Exercise details
Retype each entry exactly as written, and keep the pictures out of the copy.

Data provided
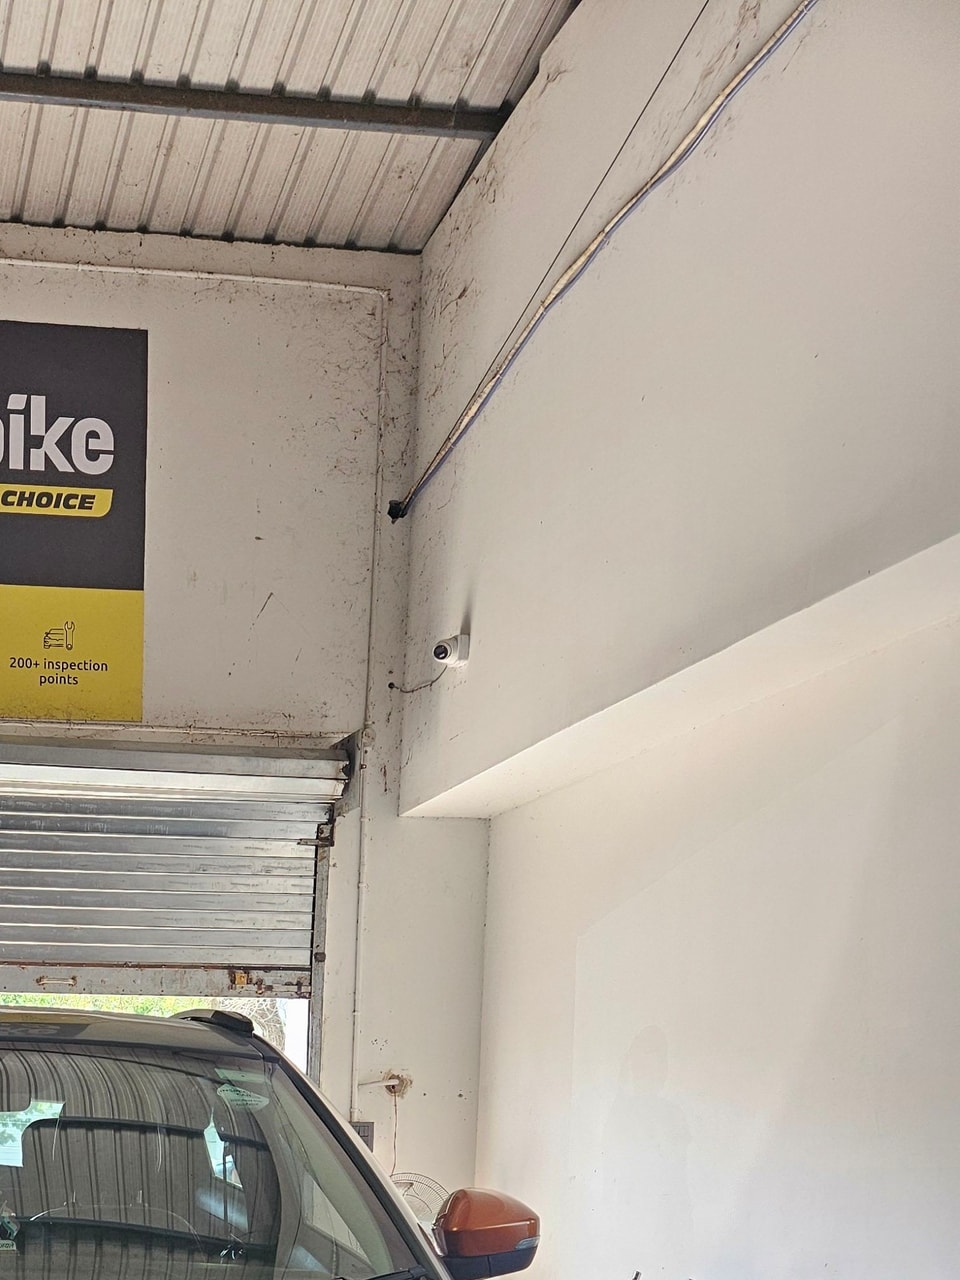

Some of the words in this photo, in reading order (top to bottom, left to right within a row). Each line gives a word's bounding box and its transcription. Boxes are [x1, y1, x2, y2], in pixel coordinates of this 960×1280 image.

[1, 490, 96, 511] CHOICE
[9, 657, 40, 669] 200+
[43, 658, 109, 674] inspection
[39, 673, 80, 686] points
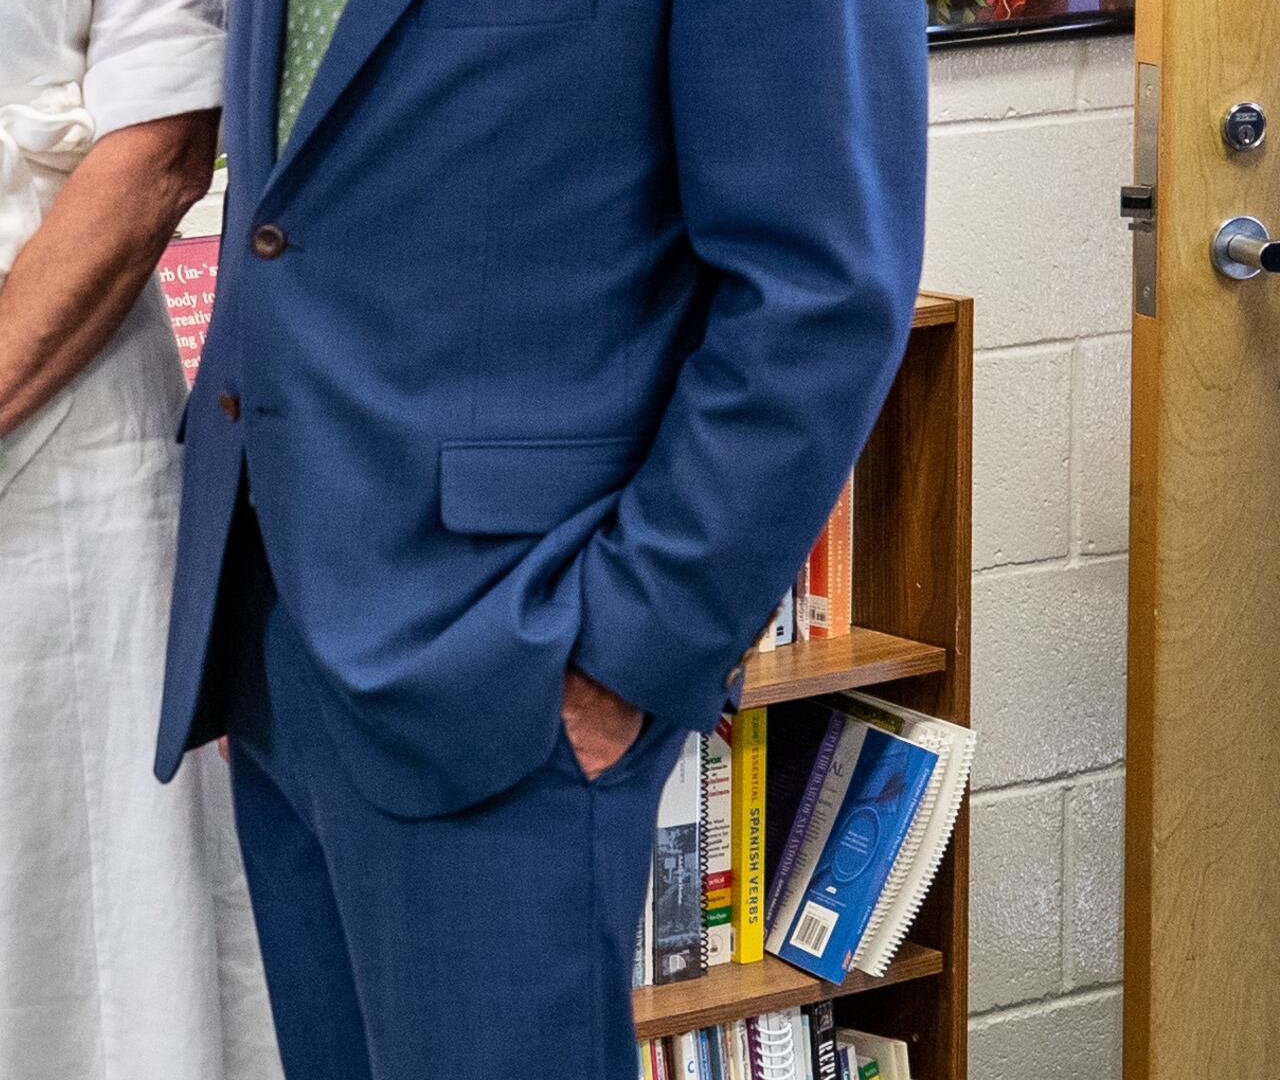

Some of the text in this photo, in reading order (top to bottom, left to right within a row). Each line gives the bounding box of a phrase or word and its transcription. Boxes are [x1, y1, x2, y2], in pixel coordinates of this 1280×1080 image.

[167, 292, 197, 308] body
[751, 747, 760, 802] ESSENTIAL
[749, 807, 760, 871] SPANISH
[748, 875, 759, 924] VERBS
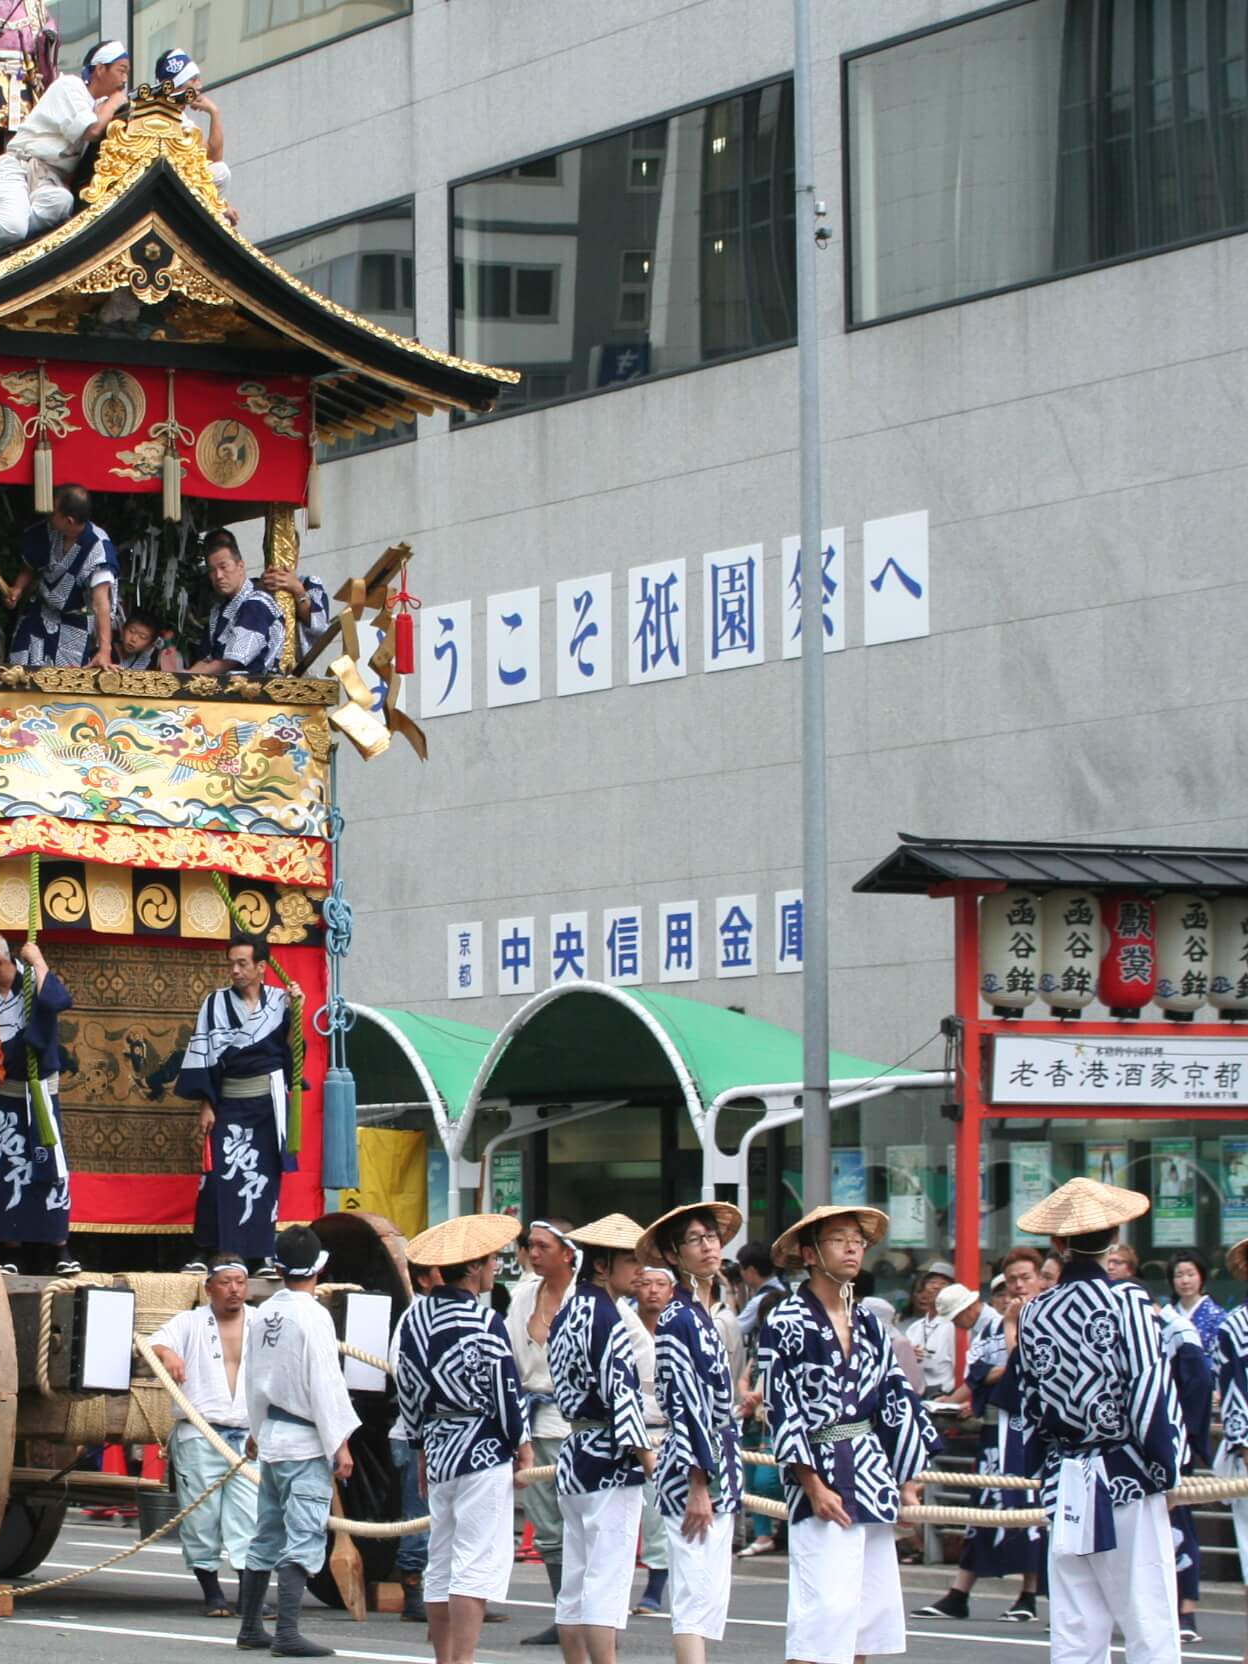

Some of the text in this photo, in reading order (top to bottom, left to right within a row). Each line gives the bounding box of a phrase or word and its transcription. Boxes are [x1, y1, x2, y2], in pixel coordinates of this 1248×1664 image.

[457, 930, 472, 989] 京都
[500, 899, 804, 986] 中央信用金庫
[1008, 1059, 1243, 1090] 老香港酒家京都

Problem solution
Some of the words in this photo, in reading order (top to bottom, left to right within a row). Each line gives a word's bounding box and its transcription. Boxes are [x1, y1, x2, y2], in pixel coordinates of this 960×1280 image.

[1, 490, 96, 511] CHOICE
[9, 657, 40, 669] 200+
[43, 658, 109, 674] inspection
[39, 673, 80, 686] points

Some of the text in this photo, in reading order (top to bottom, left to right within a row). Each line gives the bounding box of a phrase or word and its transcription. Boxes are [x1, y1, x2, y2], in pixel coordinates of this 1280×1080 image.

[167, 292, 197, 308] body
[751, 747, 760, 802] ESSENTIAL
[749, 807, 760, 871] SPANISH
[748, 875, 759, 924] VERBS

Some of the text in this photo, in reading order (top to bottom, left to right within a row). Each line gives the bounding box of a phrase or word and its transcription. Boxes are [x1, y1, x2, y2], in pixel coordinates of this 1248×1664 image.

[457, 930, 472, 989] 京都
[500, 899, 804, 986] 中央信用金庫
[1008, 1059, 1243, 1090] 老香港酒家京都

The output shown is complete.